▶ _Required action_
From the first line to the last, write out the records exactly.

▶ _Record extracts_
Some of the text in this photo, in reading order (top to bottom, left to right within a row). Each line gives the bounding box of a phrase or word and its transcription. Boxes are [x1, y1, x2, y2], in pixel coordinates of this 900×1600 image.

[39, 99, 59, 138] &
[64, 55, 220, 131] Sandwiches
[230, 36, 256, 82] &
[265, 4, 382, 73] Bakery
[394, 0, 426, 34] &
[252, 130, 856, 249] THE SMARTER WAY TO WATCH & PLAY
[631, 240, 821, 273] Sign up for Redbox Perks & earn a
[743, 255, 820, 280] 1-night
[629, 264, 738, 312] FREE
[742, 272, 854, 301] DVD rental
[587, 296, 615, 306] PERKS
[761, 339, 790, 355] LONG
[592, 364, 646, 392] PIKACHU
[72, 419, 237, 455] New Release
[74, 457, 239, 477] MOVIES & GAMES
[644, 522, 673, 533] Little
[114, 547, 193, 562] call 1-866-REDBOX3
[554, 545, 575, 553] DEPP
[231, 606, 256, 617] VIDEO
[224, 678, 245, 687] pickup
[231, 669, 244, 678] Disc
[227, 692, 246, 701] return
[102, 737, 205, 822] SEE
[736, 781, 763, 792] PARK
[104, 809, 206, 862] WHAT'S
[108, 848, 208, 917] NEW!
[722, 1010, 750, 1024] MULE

▶ _Written response_
Some of the text in this photo, in reading order (top to bottom, left to right within a row). Each line gives the bounding box of a phrase or word and its transcription. Boxes are [x1, y1, x2, y2], in pixel coordinates of this 900×1600 image.

[39, 99, 59, 138] &
[64, 55, 220, 131] Sandwiches
[230, 36, 256, 82] &
[265, 4, 382, 73] Bakery
[394, 0, 426, 34] &
[252, 130, 856, 249] THE SMARTER WAY TO WATCH & PLAY
[631, 240, 821, 273] Sign up for Redbox Perks & earn a
[743, 255, 820, 280] 1-night
[629, 264, 738, 312] FREE
[742, 272, 854, 301] DVD rental
[587, 296, 615, 306] PERKS
[761, 339, 790, 355] LONG
[592, 364, 646, 392] PIKACHU
[72, 419, 237, 455] New Release
[74, 457, 239, 477] MOVIES & GAMES
[644, 522, 673, 533] Little
[114, 547, 193, 562] call 1-866-REDBOX3
[554, 545, 575, 553] DEPP
[231, 606, 256, 617] VIDEO
[224, 678, 245, 687] pickup
[231, 669, 244, 678] Disc
[227, 692, 246, 701] return
[102, 737, 205, 822] SEE
[736, 781, 763, 792] PARK
[104, 809, 206, 862] WHAT'S
[108, 848, 208, 917] NEW!
[722, 1010, 750, 1024] MULE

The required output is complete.